**ASSIGNMENT:** In your copy, each record should read exactly as it does below, and no pictures should be present.

**DATA PROVIDED:**
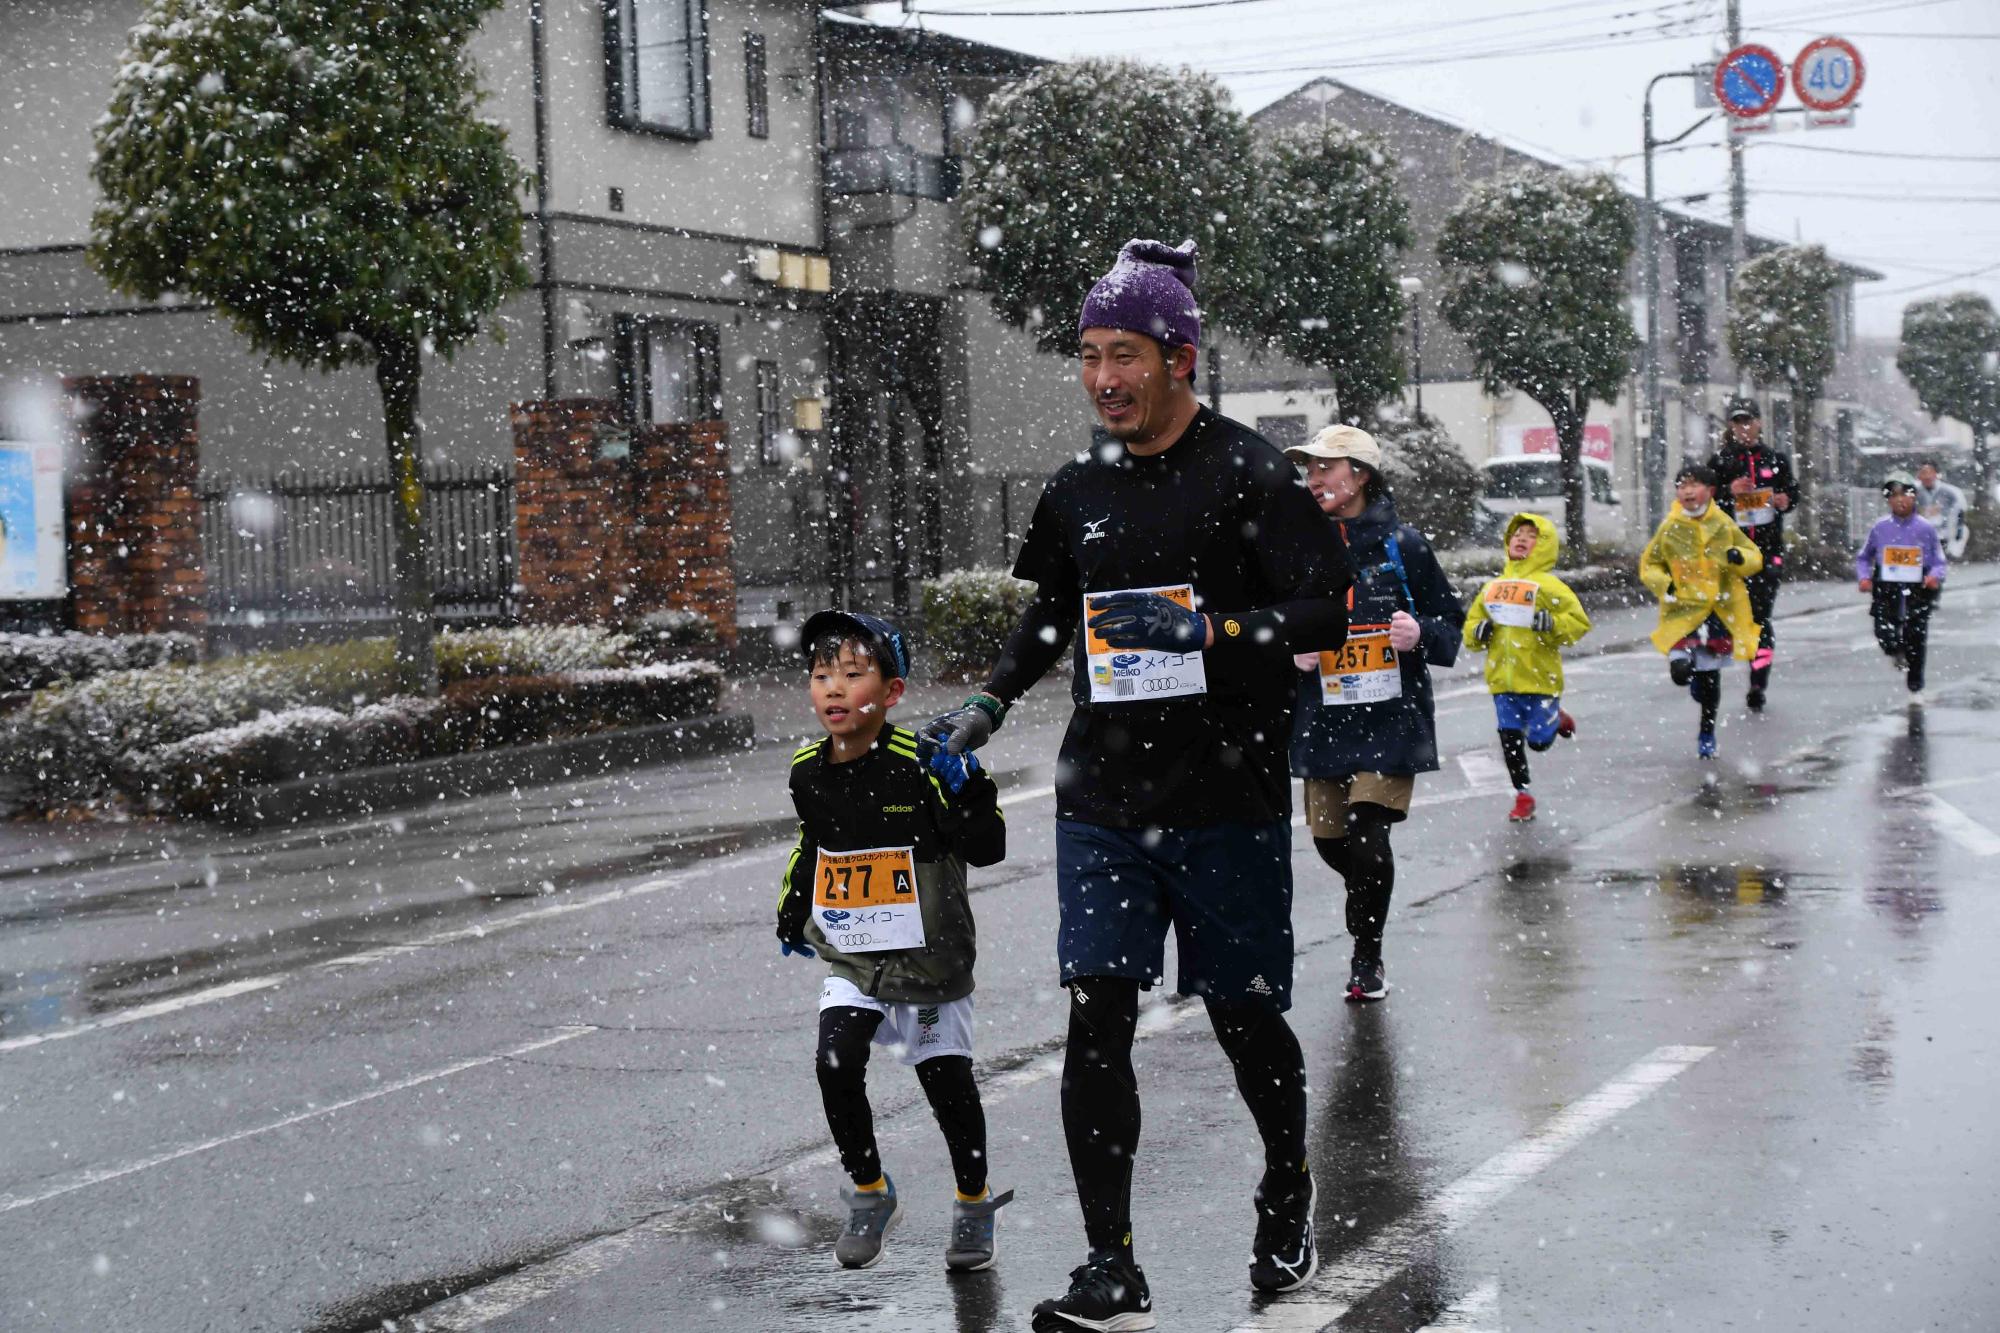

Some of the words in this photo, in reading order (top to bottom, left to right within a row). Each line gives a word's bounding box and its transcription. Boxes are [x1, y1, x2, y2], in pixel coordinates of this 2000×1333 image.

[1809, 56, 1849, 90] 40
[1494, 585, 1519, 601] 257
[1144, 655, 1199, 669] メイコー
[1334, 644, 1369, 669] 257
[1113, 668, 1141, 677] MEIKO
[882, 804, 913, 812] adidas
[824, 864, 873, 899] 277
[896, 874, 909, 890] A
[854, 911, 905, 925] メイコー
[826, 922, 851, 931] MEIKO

**RESULT OF THE TASK:**
Some of the words in this photo, in reading order (top to bottom, left to right within a row). Each line gives a word's bounding box and its transcription. Boxes are [x1, y1, x2, y2], in pixel coordinates of this 2000×1333 image.

[1809, 56, 1849, 90] 40
[1494, 585, 1519, 601] 257
[1144, 655, 1199, 669] メイコー
[1334, 644, 1369, 669] 257
[1113, 668, 1141, 677] MEIKO
[882, 804, 913, 812] adidas
[824, 864, 873, 899] 277
[896, 874, 909, 890] A
[854, 911, 905, 925] メイコー
[826, 922, 851, 931] MEIKO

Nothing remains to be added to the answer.